Yesterday I was the guest on the hour-long ‘Bible surgery’ on Premier Christian Radio, hosted by Maria Rodrigues and recorded over Zoom. It was the first time that I had worked with Maria, and she is a lovely person!
Although the programme was an hour long, with songs and breaks my contribution was about 35 minutes in total. You can listen to it here.
In response to questions, we discussed:
o.oo My own encounter with the issues in my Christian journey.
2.38 Does the Bible teach the doctrine of the ‘Rapture‘, when Christians will be secretly whisked away to heaven by Jesus?
I have commented on this at length in several articles, including this one on the relevant reading from Matt 24, where I note:
The comparison with the ‘days of Noah’ contains a simple logical structure which, because of assumptions we make about the passage, it is easy to miss. In the days of Noah, most people were unaware of the coming judgement, and were pre-occupied with the mundane realities of life, as if these were all that mattered. When the flood came, they were taken away, whilst Noah and has family, having taken notice of God and made ready, remained behind in the ark and stayed to repopulate the earth. In the same way, people will be pre-occupied with the mundane realities of life, as if these were all that mattered, but when Jesus returns they will be swept away in judgement. Those who follow the teaching of Jesus and have made ready will be left behind to receive and live in the coming kingdom, the New Jerusalem which will come from heaven to earth (Rev 21).
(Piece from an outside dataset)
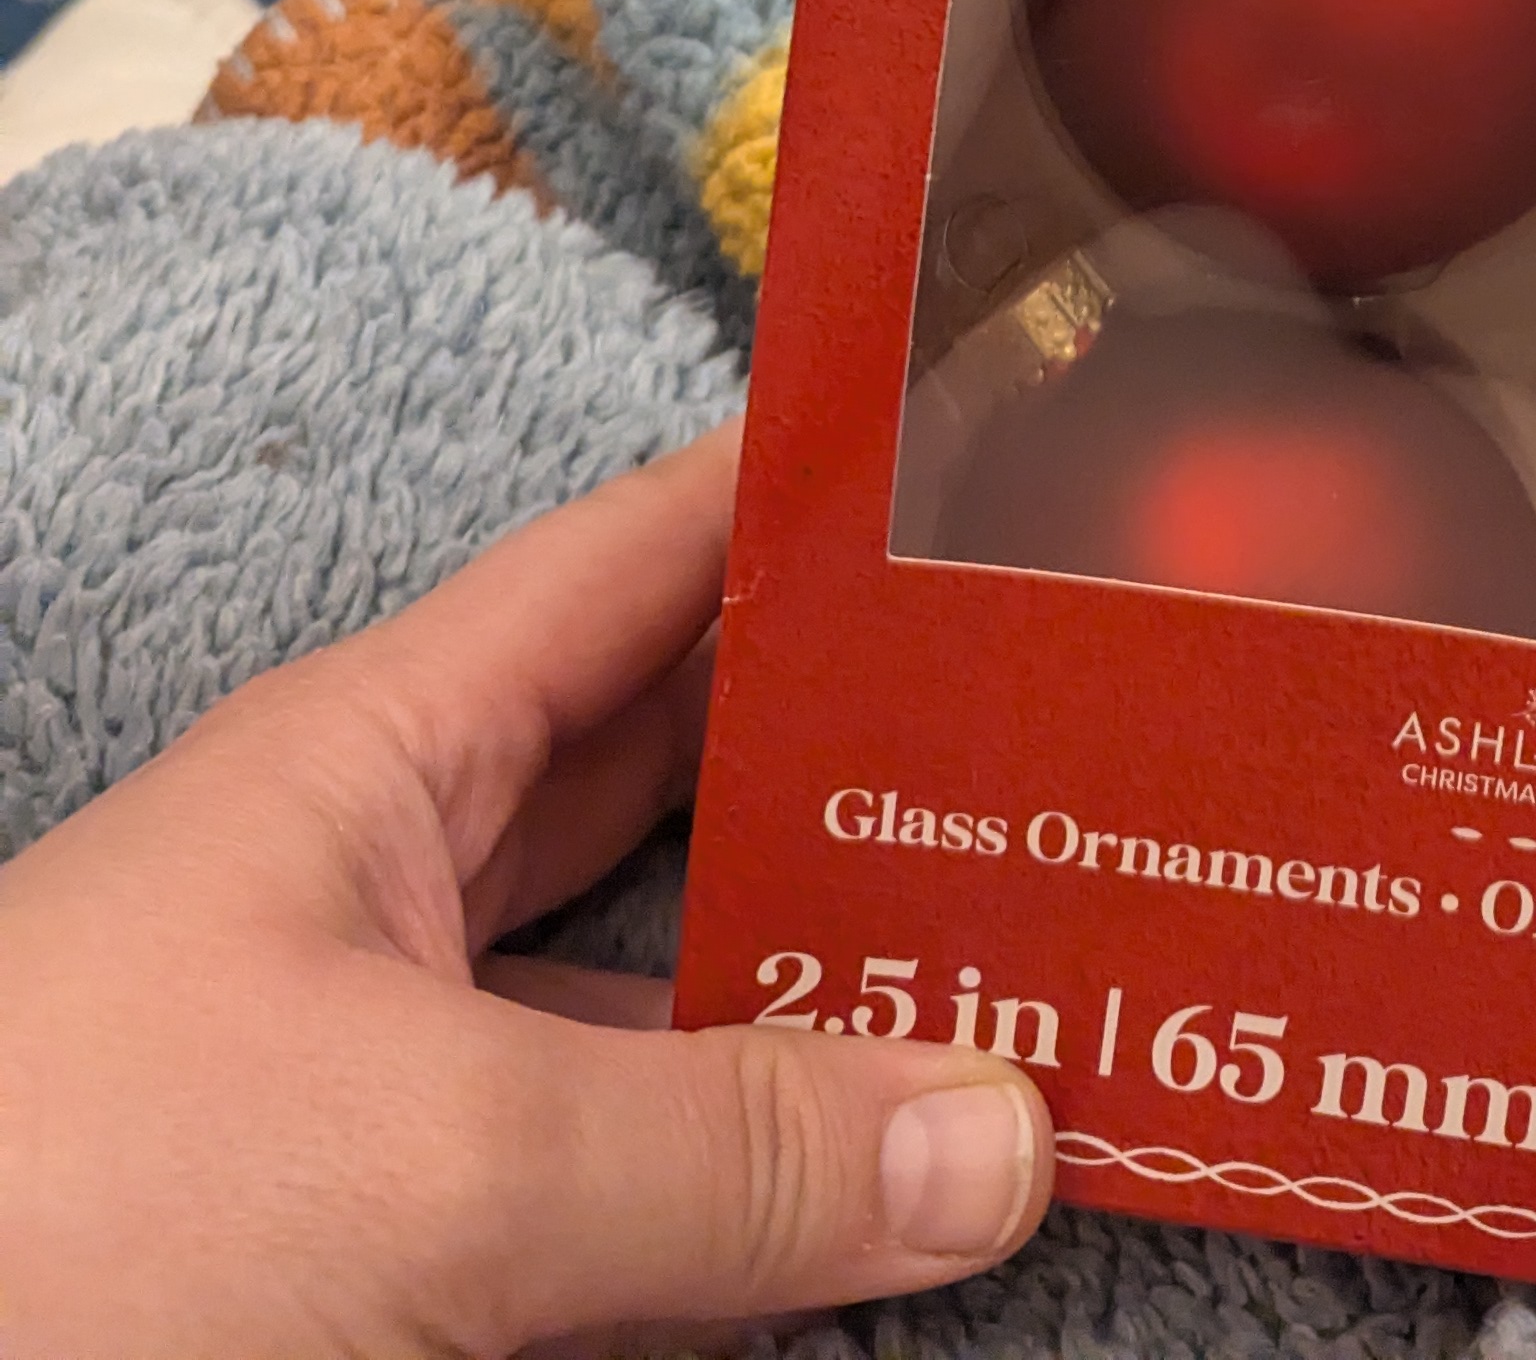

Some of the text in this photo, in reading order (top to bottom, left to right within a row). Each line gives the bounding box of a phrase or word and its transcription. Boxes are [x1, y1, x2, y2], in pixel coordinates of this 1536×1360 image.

The logic of this is quite clear: in the days of Noah, it was the wicked facing judgement who were swept away, and the righteous who were left. In the same way it will be those absorbed with this life who will be swept away, whilst those who are ready for Jesus will be left behind.
Therefore I want to be left behind, and you should too.
8.05 Will Jesus come down to Jerusalem, so will those of us in the UK miss out?
This is the comment I make in my IVP commentary on the Book of Revelation on the beginning of chapter 21:
As John’s report of what he has seen unfolds, the contrasts and connections with earlier parts of his vision report become more muted, especially those connected with judgement, but continue to be present. The details of the bride-city offer a clear contrast with the depiction of ‘Babylon’ earlier, but John is content to allow us to notice these for ourselves, rather than drawing attention to them.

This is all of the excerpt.